# Contents

2. [Topic Extraction](#2.-Topic-Extraction)  
    2.1. [Merge years](#2.1.-Merge-years)   
    2.2. [Create embeddings](#2.2.-Create-embeddings)  
    2.3. [Extract topics](#2.3.-Extract-topics)  
    2.4. [Predict topics](#2.4.-Predict-topics)

# **2. Topic Extraction**

The goal of Topic Extraction (or Topic Modeling) is, as the name says, to automatically identify the most meaningul topics that describe the content of a document, toghether with the most representative keywords for each topic.
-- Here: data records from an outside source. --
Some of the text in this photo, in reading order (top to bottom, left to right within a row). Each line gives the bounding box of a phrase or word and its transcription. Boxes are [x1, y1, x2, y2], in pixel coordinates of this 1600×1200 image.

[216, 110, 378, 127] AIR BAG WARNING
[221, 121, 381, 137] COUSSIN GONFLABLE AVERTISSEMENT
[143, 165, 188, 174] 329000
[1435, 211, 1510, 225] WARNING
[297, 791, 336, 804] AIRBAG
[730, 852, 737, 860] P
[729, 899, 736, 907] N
This is a crucial task in our pipeline, because we want to know what politicians talk about, i.e. what are the possible axis that construct an opinion.
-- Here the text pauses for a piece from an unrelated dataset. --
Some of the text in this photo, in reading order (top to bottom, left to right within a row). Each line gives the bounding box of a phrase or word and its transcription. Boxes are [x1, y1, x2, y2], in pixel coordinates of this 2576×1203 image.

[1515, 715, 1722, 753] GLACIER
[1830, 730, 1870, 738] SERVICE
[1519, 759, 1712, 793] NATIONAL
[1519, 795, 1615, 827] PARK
After a comparison with LDA (cf. `Milestone2/TopicExtraction_exploration`), we decided to use for this scope **BERTopic**, an algorithm for topic extraction that builds on top of [BERT](https://en.wikipedia.org/wiki/BERT_(language_model)), a pretrained language representation model based on transformers developed by Google and quickly becomed extremely popular for in the NLP community [[1]](https://arxiv.org/abs/1810.04805).

BERTopic uses BERT to embed documents and then applies sequentially [UMAP](https://umap-learn.readthedocs.io/en/latest/), to reduce the dimensionality, and [HDBSCAN](https://hdbscan.readthedocs.io/en/latest/), to cluster semantically similar documents (i.e. create topics). Finally, topic representations are constructed with [c-TF-IDF](https://github.com/MaartenGr/cTFIDF).

The algorithm pipeline is showed schematically below [[2]](https://maartengr.github.io/BERTopic/tutorial/algorithm/algorithm.html).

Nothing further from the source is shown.